- Task to carry out
In your copy, repeat each record exactly and include no pictures.

[Referring expression grounding data]
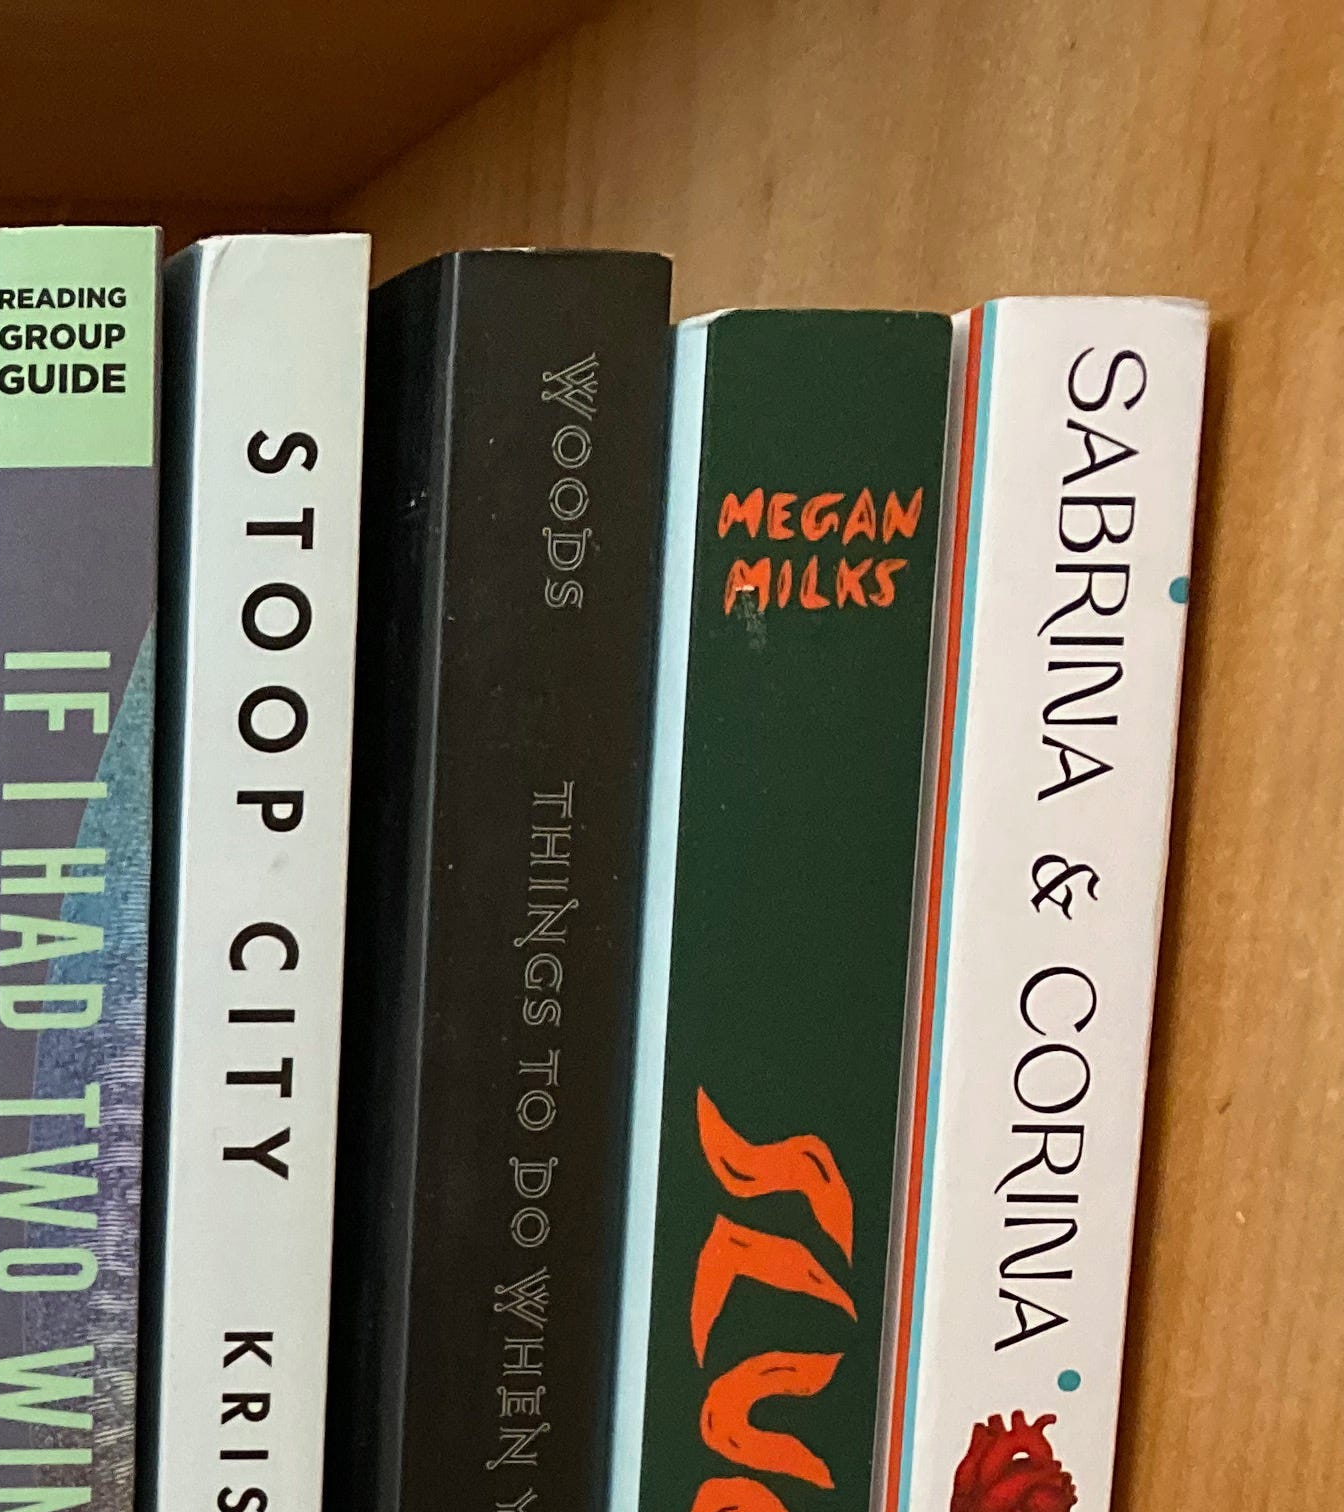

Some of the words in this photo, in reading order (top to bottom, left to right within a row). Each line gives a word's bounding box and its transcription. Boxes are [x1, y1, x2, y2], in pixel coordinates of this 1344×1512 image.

[541, 352, 600, 610] WOODS
[717, 487, 924, 546] MEGAN
[236, 430, 319, 834] STOOP
[723, 555, 909, 615] MILKS
[1037, 348, 1148, 802] SABRINA
[4, 651, 111, 735] IF
[2, 782, 108, 801] I
[514, 780, 579, 1027] THINGS
[1031, 853, 1101, 921] &
[222, 921, 300, 1180] CITY
[516, 1048, 561, 1132] TO
[509, 1156, 558, 1248] DO
[994, 966, 1098, 1352] CORINA
[485, 1265, 551, 1471] WHEN
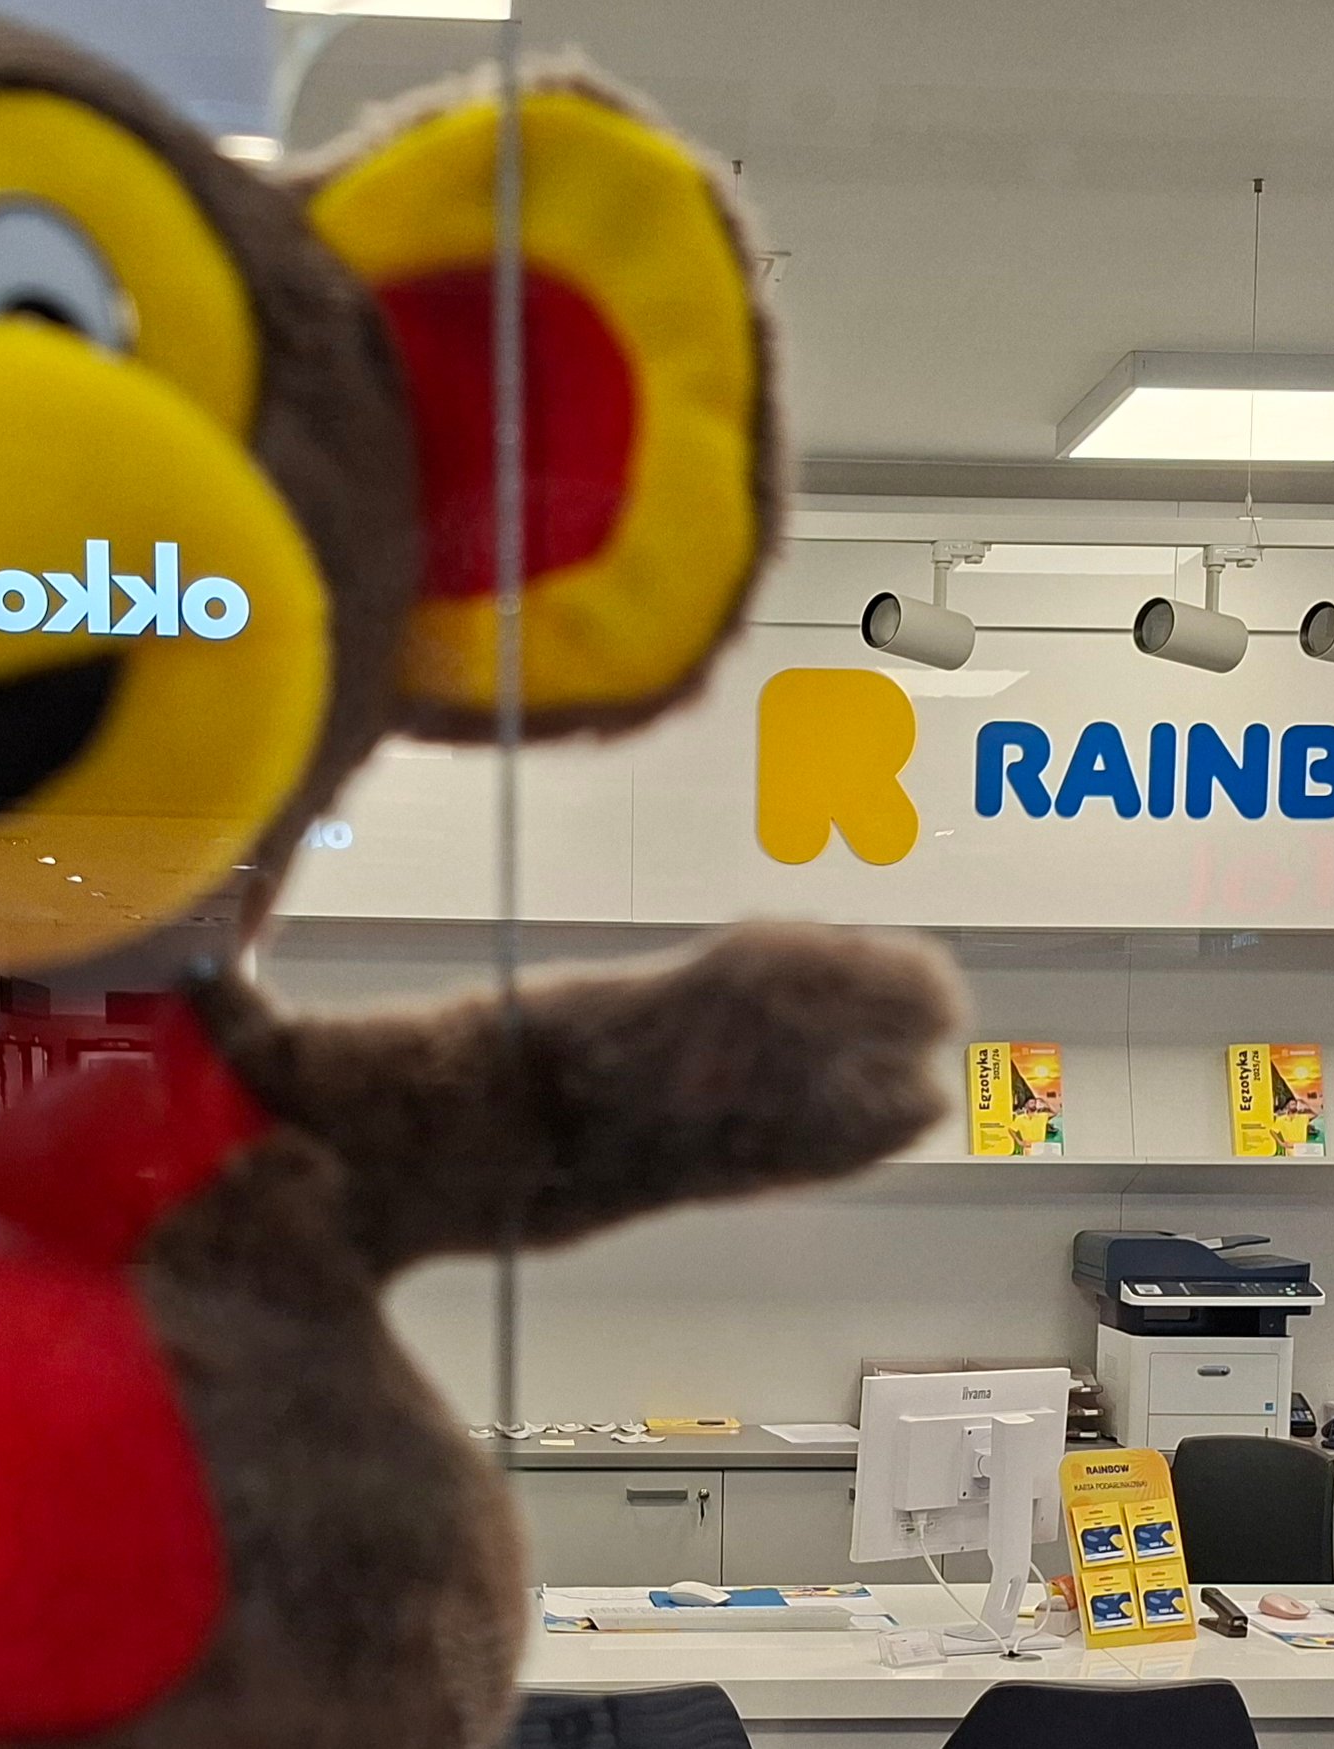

- Answer to the problem
Some of the words in this photo, in reading order (top to bottom, left to right within a row). Each line gives a word's bounding box and its transcription. Boxes are [x1, y1, x2, y2], in pixel coordinates of this 1344×1512 image.

[541, 352, 600, 610] WOODS
[717, 487, 924, 546] MEGAN
[236, 430, 319, 834] STOOP
[723, 555, 909, 615] MILKS
[1037, 348, 1148, 802] SABRINA
[4, 651, 111, 735] IF
[2, 782, 108, 801] I
[514, 780, 579, 1027] THINGS
[1031, 853, 1101, 921] &
[222, 921, 300, 1180] CITY
[516, 1048, 561, 1132] TO
[509, 1156, 558, 1248] DO
[994, 966, 1098, 1352] CORINA
[485, 1265, 551, 1471] WHEN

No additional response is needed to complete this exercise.